Davanın ilk hakimi Oberdorfer ve başlangıçtaki 11 davacıdan dördü artık hayatta değiller. Geride kalan davacılar Nikkei Asia gazetesine verdikleri demeçte yirmi senedir davanın yükünü sırtlarında taşımanın getirdiği baskıya rağmen seslerini duyurmak için hazır olduklarını söylediler.

***

Exxon ordusu

Faili meçhullerin 2000’lerin başında yaygın olduğunu Nikkei’ye belirten bir davacı, “Exxon ordusu” tarafından kaçırılıp işkenceye tabi tutulmanın travmasının hâlâ sürdüğünü ekledi ve “isimsiz mezarlara gömülen ve yeri hâlâ tespit edilememiş olan insanlar oldu” dedi.

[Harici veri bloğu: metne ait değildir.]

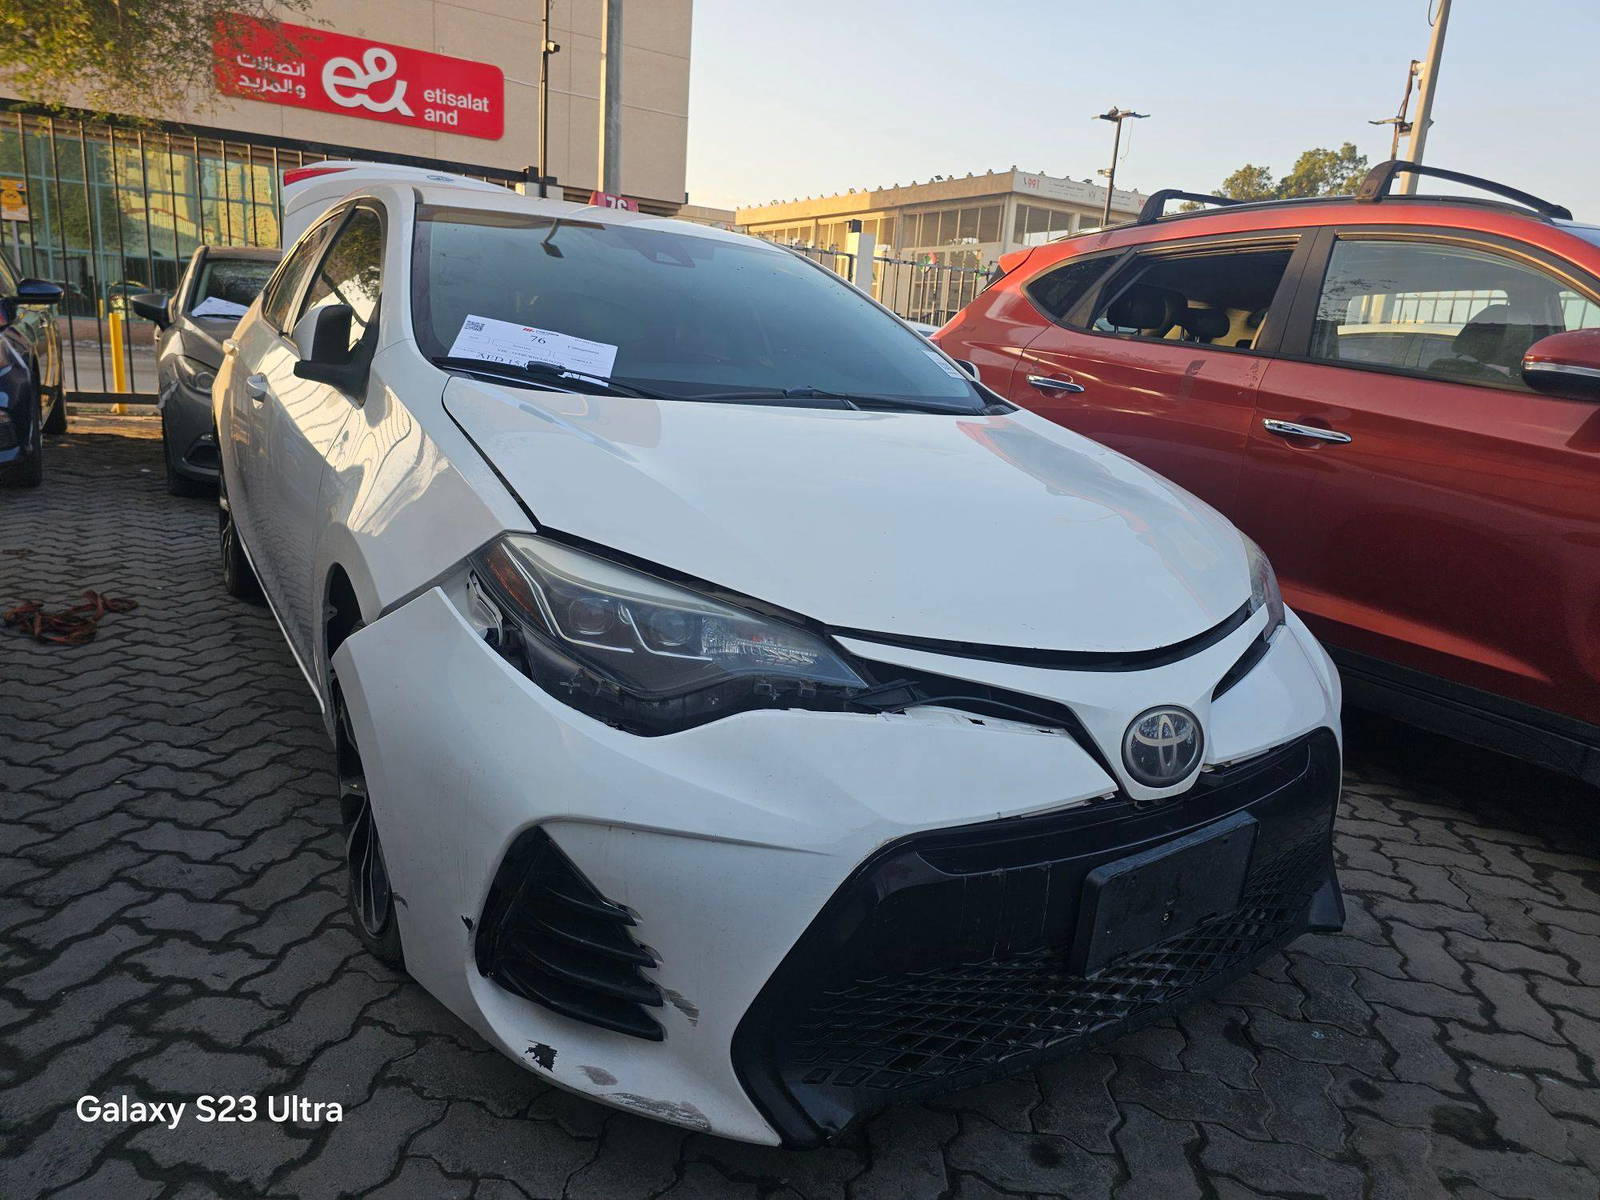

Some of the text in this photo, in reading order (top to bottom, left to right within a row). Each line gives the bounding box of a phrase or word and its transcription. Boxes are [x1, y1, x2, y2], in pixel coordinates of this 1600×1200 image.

Nikkei’nin dava ile ilgili görüşlerini öğrenmek için irtibat kurduğu ExxonMobil Sözcüsü Todd Spitler ise daha önceki bir demecini zikretmekle yetindi:

“Temelsiz ithamlar ile yıllarca mücadele ettik… davacıların iddiaları asılsızdır. ExxonMobil Endonezya’da iş yaparken yerel iş gücüne istihdam sağlayıp, sunduğu sağlık hizmetleri ve yerel yatırımları ile kuşaklar boyunca Açe’de hayat kalitesini yükseltmek için çalışmıştır. Şirket her tür insan hakkı ihlalini şiddetle kınar.”